How To Write Special Feature Articles eBook

This eBook from the Gutenberg Project consists of approximately 504 pages of information about How To Write Special Feature Articles.

How To Write Special Feature Articles eBook

This eBook from the Gutenberg Project consists of approximately 504 pages of information about How To Write Special Feature Articles.

Nevertheless, despite what he was pleased to call his inspiration, he won his assistant professorship at an earlier age than the average, and we were married on fifteen hundred a year.

Oh, what a happy year!  I am bound to say the family were very nice about it.  Everyone was nice about it.  And when we came back from our wedding journey the other professors’ wives overwhelmed me with kindness and with calls—­and with teas and dinners and receptions in our honor.  Carl had been a very popular bachelor and his friends were pleased to treat me quite as if I were worthy of him.  This was generous, but disquieting.  I was afraid they would soon see through me and pity poor Carl.
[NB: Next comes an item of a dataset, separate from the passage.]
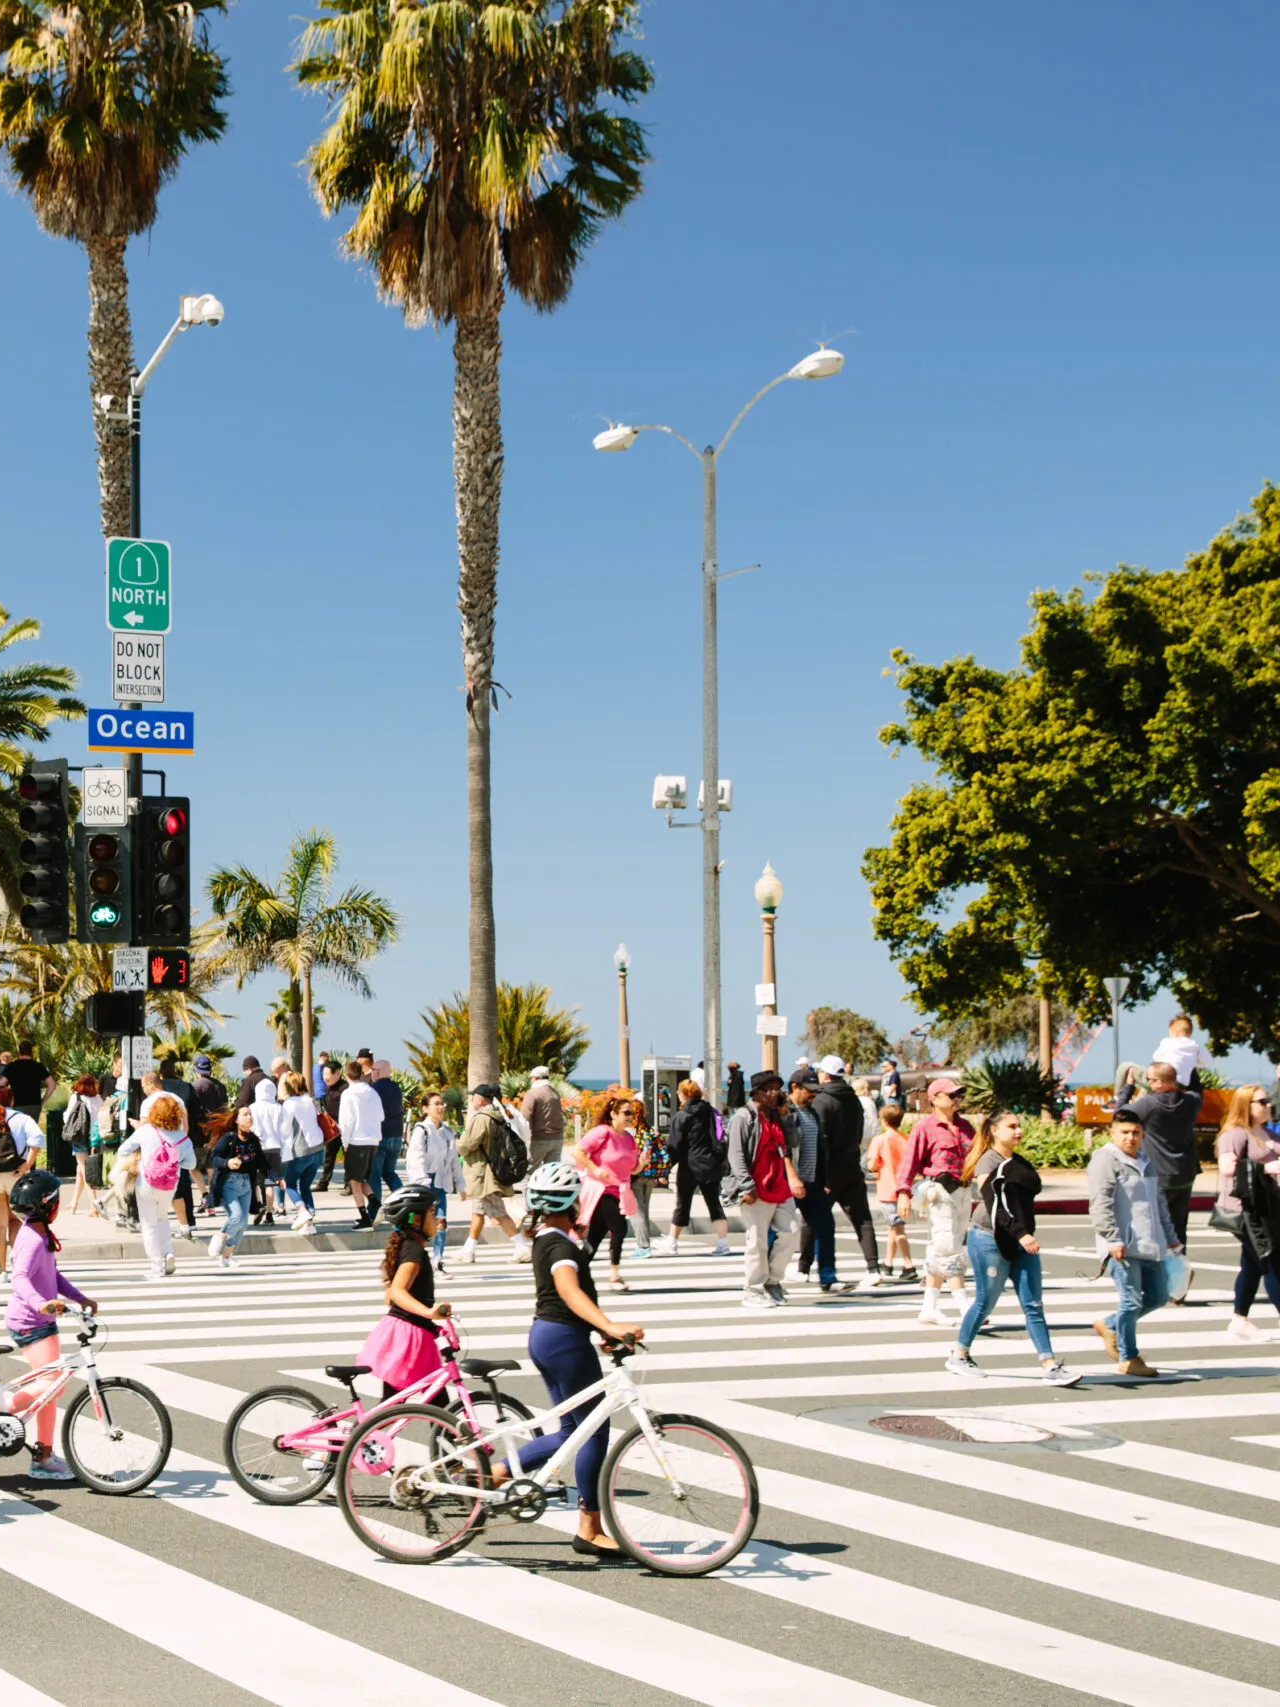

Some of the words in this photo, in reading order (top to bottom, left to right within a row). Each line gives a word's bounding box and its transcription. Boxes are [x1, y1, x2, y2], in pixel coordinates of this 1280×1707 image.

I had supposed, like most outsiders, that the women of a university town would be dreadfully intellectual and modern—­and I was rather in awe of them at first, being aware of my own magnificent limitations; but, for the most part, these charming new friends of mine, especially the wealthier members of the set I was thrown with, seemed guilelessly ignorant in respect of the interesting period of civilization in which they happened to live—­almost as ignorant as I was and as most “nice people” are everywhere.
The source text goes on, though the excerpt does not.